January 27, 2009

when you can't sleep - blog.

so i was seriously so tired while doing my homework that i couldn't read anymore so i turned on the tv... then i was so tired watching tv (my eyes kept closing) that i decided i should go to bed... that was an hour ago. after frustratingly tossing and turning, i am now so angry and wide-awake that i decided i would make use of my time and perhaps write a thing or two...

i would like to believe that one day we will all wake up with the answer we've been looking for.
i would like to believe that one day the good girls will finally find their soulmates (myself included).
i would like to believe that one day we really will take the bad things with grace and open minds.

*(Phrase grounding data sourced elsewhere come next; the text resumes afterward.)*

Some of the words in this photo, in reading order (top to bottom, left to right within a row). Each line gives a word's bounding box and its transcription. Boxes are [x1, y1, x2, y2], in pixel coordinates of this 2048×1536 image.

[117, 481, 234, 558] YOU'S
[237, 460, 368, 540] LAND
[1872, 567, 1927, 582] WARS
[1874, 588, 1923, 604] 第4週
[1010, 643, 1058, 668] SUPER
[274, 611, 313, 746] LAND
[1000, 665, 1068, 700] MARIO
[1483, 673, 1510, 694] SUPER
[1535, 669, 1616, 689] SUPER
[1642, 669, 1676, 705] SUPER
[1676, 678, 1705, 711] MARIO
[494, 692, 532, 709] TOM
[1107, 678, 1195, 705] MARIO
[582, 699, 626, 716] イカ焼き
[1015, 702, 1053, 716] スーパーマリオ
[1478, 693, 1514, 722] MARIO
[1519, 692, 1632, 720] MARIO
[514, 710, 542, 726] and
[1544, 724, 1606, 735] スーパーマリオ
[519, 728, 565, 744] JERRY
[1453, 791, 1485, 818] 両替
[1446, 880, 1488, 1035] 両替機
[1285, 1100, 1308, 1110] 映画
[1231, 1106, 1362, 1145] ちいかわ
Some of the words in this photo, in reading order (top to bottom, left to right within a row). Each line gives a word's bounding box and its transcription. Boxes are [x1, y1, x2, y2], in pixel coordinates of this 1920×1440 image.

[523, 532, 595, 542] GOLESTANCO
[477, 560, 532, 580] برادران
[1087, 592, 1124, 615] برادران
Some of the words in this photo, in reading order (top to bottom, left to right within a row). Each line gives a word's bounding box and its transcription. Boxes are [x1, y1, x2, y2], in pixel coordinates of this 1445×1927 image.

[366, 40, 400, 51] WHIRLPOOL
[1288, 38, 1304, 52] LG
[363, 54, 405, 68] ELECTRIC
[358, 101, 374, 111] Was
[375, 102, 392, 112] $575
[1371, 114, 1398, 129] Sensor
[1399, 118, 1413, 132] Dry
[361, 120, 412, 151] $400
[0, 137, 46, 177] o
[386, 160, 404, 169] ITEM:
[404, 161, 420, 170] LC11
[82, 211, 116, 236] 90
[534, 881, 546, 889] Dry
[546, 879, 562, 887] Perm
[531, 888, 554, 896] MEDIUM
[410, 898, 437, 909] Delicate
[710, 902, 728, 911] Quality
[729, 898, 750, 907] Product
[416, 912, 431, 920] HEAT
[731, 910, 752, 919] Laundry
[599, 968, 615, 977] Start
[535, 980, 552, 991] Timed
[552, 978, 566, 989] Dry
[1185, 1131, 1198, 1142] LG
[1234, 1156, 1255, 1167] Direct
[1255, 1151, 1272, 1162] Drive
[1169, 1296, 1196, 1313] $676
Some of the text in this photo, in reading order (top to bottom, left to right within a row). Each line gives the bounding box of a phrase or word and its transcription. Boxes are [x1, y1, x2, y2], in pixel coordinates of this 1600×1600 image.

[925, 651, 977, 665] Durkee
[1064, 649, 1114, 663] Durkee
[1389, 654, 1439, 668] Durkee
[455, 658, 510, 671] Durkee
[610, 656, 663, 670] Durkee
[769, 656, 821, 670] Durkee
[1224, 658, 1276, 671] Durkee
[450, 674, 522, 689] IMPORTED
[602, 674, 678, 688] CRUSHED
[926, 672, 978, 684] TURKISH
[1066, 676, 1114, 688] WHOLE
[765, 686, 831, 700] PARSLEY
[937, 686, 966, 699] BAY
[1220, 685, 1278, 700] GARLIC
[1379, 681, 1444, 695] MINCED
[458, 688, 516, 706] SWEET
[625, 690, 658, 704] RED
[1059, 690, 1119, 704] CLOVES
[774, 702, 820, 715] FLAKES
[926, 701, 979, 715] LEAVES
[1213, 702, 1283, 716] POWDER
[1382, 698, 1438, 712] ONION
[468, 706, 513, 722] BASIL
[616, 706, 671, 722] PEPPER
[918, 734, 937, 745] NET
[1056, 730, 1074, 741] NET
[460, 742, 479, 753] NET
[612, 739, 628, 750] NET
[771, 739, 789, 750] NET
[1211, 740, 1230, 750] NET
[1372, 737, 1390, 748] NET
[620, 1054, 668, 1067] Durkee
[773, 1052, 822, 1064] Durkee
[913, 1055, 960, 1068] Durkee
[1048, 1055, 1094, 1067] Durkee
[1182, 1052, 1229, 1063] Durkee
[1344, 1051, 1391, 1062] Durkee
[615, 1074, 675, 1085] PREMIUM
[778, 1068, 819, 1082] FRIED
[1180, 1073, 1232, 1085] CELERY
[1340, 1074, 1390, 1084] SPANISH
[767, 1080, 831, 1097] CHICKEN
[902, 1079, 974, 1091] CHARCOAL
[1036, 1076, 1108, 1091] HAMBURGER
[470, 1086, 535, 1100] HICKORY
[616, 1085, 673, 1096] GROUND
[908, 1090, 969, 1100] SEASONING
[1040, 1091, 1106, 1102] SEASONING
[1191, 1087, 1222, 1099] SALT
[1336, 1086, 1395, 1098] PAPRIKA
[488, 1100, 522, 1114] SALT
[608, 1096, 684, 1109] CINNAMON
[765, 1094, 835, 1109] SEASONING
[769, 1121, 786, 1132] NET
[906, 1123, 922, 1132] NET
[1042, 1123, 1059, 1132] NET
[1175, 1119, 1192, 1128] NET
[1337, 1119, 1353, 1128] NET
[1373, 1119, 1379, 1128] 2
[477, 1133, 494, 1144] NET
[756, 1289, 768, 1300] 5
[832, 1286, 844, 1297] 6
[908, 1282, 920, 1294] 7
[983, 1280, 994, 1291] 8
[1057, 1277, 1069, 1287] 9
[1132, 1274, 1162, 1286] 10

the world is never going to make sense, not as whole. some parts might on one day or another, but we will never be able to understand everything. sometimes this is a hard concept to grasp, because i'm one of those people who wants answers - who hates leaving things things unresolved. when i get in an argument, i have to fix it or else i am not the happiest person to be around. sometimes i think i care too much, that i let things get to me too much. i feel so deeply about things, that i am moved to tears over the littlest things. a quote in a novel for instance. [i apologize now for the inconsistency of this post, and the rambling fashion it follows. i am sleep-deprived and my thoughts are jumbled at the moment, so things are coming out in spurts.] every day is a new adventure, every moment we are given the opportunity to do something with our lives. we can choose to accept that gift whenever we are ready... i'm gonna stop over-analyzing things. looking into the future and speculating about what may or may not happen... stop hoping, or rather imagining a future that i really have no idea is even possible. i'm gonna try not to read into things so much until i really know where they are headed. i'm just going to go with it... let things happen as they come. and go from there. and i'm going to make the last few months in k-town as good as they possibly can be. i'm going to spend time with the people i'm going to miss, put everything into my school-work, and leave feeling accomplished and ready for the next adventure. [colorado?! wyoming!? we will see!] blah. okay. i need to stop. this is not worth anything lol. sorry for the lack of real depth on this one guys... better luck next time!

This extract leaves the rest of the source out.